What’s a Best Actress Oscar worth in terms of parlayed currency? The Reaping deals Hilary Swank a rich slice of supernatural Southern cheese that’s heavy on the “Yuck!” factor. Swank is Katherine Winter, a former missionary-with-freight-turned-theology prof whose metier is debunking miracles. When Biblical plagues invade a Louisiana hick burg called Haven, Katherine hopes to prove there’s a scientific explanation for all those infestations that just keep coming like maleficent bowling balls dropped from on high. Anyone who has a nodding acquaintance with the Book of Exodus knows that Yahweh scourged the Egyptians with 10 plagues so Pharaoh would loosen the shackles on the Israelite slaves. (That Old Testament God knew how to work the crowd, big-time, from inside.) But The Reaping condenses those nasty plagues—locust swarms, head lice, a blood-red river, etc.—into 96 minutes running time. It’s overkill, literally. Fans of The Exorcist and Firestarter will not be shocked to learn that a skittish swamp miss who possesses strange powers may be behind all this hoodoo. Perhaps The Reaping is meant as a parable of faith, but all we’re left with is a queasy frisson.

Halle Berry walks a tightrope in Perfect Stranger, playing a Manhattan-based investigative reporter with several aliases trying to solve the poisoning of a girlhood friend. The trail leads Rowena Price (Berry) to ad agency titan Harrison Hill—a cybersex bird dog who, in the hands of Bruce Willis, oozes snarky charm from every pore as if come-ons were Armani cologne. The film’s setup makes for a good cabin-fever thriller, thanks to wiseacre one-liners and a third-wheel wild card: Miles (Giovanni Ribisi), a pasty-faced newspaper sidekick with a crush on the pretty prize scribe. Watch for kinks. Overall, Perfect Stranger succeeds at what it aims to deliver: a warning about the pitfalls of on-line hookups and sex with strangers-in-the-night. But director James Foley catches creeping Reaping disease toward the end, with piled-on twists and spooky flashbacks. You can almost hear the screenwriting gnomes yell, “One mo’ time.” The plot keeps ticking but its mind is mush.

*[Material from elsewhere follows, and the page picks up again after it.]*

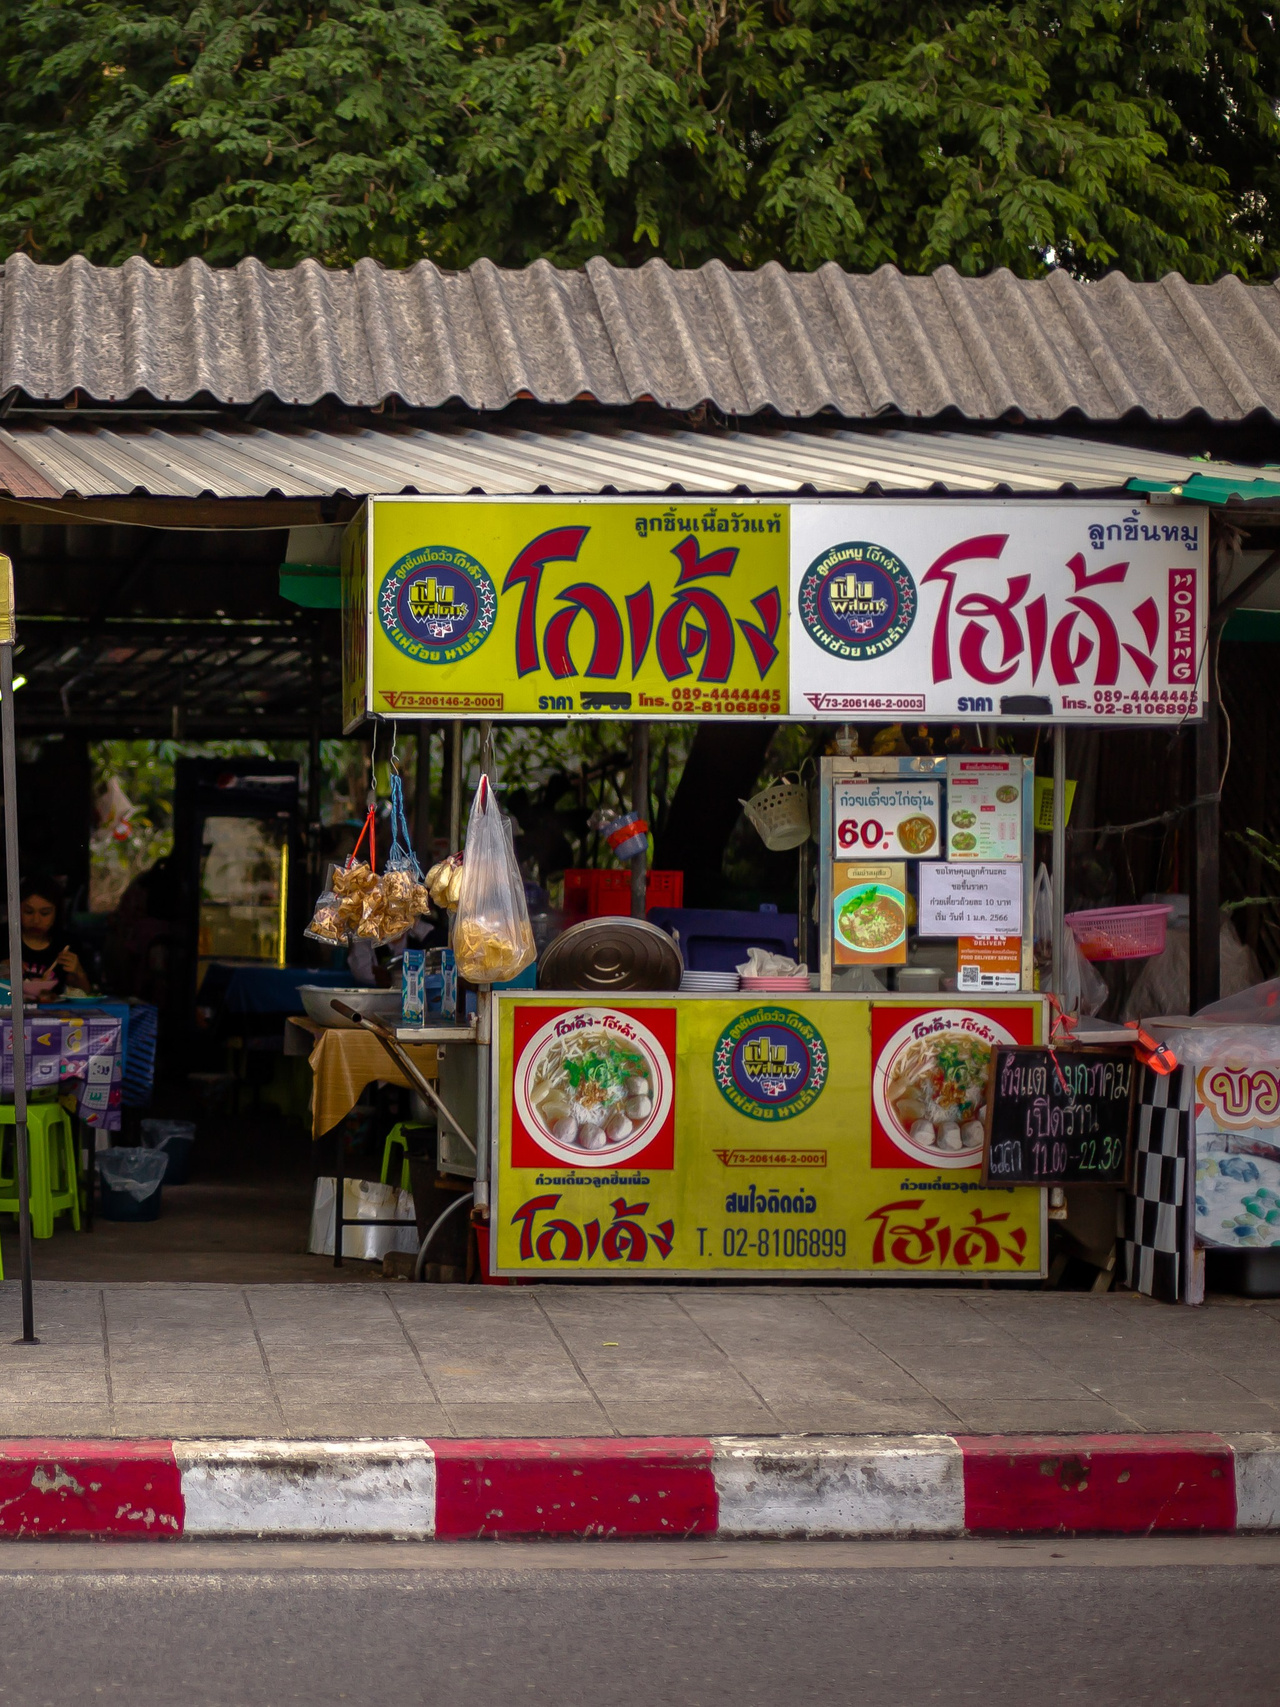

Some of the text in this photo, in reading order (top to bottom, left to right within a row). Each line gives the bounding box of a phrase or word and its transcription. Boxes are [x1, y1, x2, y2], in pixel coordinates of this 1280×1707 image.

As female actors go, Hilary Swank and Halle Berry are always game—and nearly always at the top of their game. But these ostensibly scrappy roles are wrapped in women-as-victim themes. The tables get turned in Rocket Science, the debut narrative from Jeffrey Blitz (Spellbound), about a high-school stutterer who auditions for the debate team because the predatory ice princess who’s its star races his blood, if not his syntax. Rocket Science will be compared to Garden State—it’s set in Plainsboro, N.J.—but it’s a richer, funnier work starring no one you’ve ever heard of. I caught Rocket Science at the Philadelphia Film Festival. It’s scheduled to open nationally in late August.